What's the point of 10# braid OR 12# leader if fishing heavy stuff? I'm thinking 50-65# braid w/17-20# fluoro leader.That's more the" norm" if fishing heavy grass/pads etc.Of course I'm talking flippin.But even if bank fishing or just fishing worms or senkos,I'd still upsize my line if I'm breaking off at all,let alone somewhat frequently.

Sent from my VS870 4G using Ohub Campfire mobile app


----------



## Mr. A (Apr 23, 2012)

When I fish the rivers and streams I use braid 100% of the time, no leader and I seem to do just fine. I've used mono on the river but felt like I was not feeling my bait as well; didn't do to well on either of those trips so I went back to braid.

Mr.
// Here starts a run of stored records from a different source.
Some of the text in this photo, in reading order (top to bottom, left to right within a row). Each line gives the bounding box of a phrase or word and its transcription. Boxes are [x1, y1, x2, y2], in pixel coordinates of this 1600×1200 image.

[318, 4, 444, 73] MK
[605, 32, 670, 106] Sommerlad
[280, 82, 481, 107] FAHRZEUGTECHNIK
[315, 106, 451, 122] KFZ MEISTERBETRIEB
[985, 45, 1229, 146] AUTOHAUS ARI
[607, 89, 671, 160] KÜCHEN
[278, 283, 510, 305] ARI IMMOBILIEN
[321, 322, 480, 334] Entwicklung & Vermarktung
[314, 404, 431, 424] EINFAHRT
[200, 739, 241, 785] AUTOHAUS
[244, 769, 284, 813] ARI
A


----------



## ducman491 (Oct 31, 2011)

Cajunsaugeye said:


> What's the point of 10# braid OR 12# leader if fishing heavy stuff? I'm thinking 50-65# braid w/17-20# fluoro leader.That's more the" norm" if fishing heavy grass/pads etc.Of course I'm talking flippin.But even if bank fishing or just fishing worms or senkos,I'd still upsize my line if I'm breaking off at all,let alone somewhat frequently.
> 
> Sent from my VS870 4G using Ohub Campfire mobile app


I never had a problem breaking off with just 10lb braid. Once in a blue moon but when I'm using it I'm only casting a few feet into pads and bringing it out slow. I put a 12lb leader on to see if I got more bites and I started breaking off. Usually not in the pads but after I had one on and halfway back to the boat. Not pitching into the really heavy stuff. I have 50lb on baitcasters for that.


----------



## Bassbme (Mar 11, 2012)

Just some thoughts and a question for those that stated that they break fish off when using a fluorocarbon leader with braided line. My question is ... how long is the leader you're using? The reason I ask is, I think the length of leader may have something to do with it. I could see a shorter leader breaking more easily than a longer leader. The reason I think this is .... 

We all know that it's very important to tie good tight knots. Especially when connecting a leader of any sorts, to braided line. If your knot slips, chances are it's going to break, or it's going to be weakened to the point that it breaks much easier.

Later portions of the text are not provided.